◆ Prompt: Retype each entry below, keeping every character the same.

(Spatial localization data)

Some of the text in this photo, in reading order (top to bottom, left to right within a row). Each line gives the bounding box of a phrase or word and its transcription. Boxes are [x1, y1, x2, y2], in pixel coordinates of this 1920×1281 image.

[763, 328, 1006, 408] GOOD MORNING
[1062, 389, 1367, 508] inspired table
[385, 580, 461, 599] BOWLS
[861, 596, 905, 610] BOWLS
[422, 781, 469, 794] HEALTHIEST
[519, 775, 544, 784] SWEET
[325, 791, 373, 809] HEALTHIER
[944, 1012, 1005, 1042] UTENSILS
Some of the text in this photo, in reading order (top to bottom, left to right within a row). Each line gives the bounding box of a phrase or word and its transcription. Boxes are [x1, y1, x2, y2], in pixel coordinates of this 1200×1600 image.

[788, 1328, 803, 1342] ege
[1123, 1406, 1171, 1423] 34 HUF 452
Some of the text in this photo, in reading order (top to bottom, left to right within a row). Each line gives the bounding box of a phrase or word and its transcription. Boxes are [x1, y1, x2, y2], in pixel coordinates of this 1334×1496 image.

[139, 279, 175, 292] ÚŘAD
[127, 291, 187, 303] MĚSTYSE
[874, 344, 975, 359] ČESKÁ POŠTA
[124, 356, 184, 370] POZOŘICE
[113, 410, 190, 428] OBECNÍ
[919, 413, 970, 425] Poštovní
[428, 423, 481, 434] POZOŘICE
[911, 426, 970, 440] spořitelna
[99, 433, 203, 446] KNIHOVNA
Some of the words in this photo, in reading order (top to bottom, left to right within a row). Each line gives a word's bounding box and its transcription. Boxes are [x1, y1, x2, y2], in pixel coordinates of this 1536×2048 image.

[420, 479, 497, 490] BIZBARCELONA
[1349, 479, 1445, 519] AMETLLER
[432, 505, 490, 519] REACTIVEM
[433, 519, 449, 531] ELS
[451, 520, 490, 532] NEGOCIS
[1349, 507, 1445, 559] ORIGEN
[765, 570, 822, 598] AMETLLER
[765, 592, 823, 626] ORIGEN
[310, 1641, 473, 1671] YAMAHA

◆ Solution to this exercise:
Some of the text in this photo, in reading order (top to bottom, left to right within a row). Each line gives the bounding box of a phrase or word and its transcription. Boxes are [x1, y1, x2, y2], in pixel coordinates of this 1920×1281 image.

[763, 328, 1006, 408] GOOD MORNING
[1062, 389, 1367, 508] inspired table
[385, 580, 461, 599] BOWLS
[861, 596, 905, 610] BOWLS
[422, 781, 469, 794] HEALTHIEST
[519, 775, 544, 784] SWEET
[325, 791, 373, 809] HEALTHIER
[944, 1012, 1005, 1042] UTENSILS
Some of the text in this photo, in reading order (top to bottom, left to right within a row). Each line gives the bounding box of a phrase or word and its transcription. Boxes are [x1, y1, x2, y2], in pixel coordinates of this 1200×1600 image.

[788, 1328, 803, 1342] ege
[1123, 1406, 1171, 1423] 34 HUF 452
Some of the text in this photo, in reading order (top to bottom, left to right within a row). Each line gives the bounding box of a phrase or word and its transcription. Boxes are [x1, y1, x2, y2], in pixel coordinates of this 1334×1496 image.

[139, 279, 175, 292] ÚŘAD
[127, 291, 187, 303] MĚSTYSE
[874, 344, 975, 359] ČESKÁ POŠTA
[124, 356, 184, 370] POZOŘICE
[113, 410, 190, 428] OBECNÍ
[919, 413, 970, 425] Poštovní
[428, 423, 481, 434] POZOŘICE
[911, 426, 970, 440] spořitelna
[99, 433, 203, 446] KNIHOVNA
Some of the words in this photo, in reading order (top to bottom, left to right within a row). Each line gives a word's bounding box and its transcription. Boxes are [x1, y1, x2, y2], in pixel coordinates of this 1536×2048 image.

[420, 479, 497, 490] BIZBARCELONA
[1349, 479, 1445, 519] AMETLLER
[432, 505, 490, 519] REACTIVEM
[433, 519, 449, 531] ELS
[451, 520, 490, 532] NEGOCIS
[1349, 507, 1445, 559] ORIGEN
[765, 570, 822, 598] AMETLLER
[765, 592, 823, 626] ORIGEN
[310, 1641, 473, 1671] YAMAHA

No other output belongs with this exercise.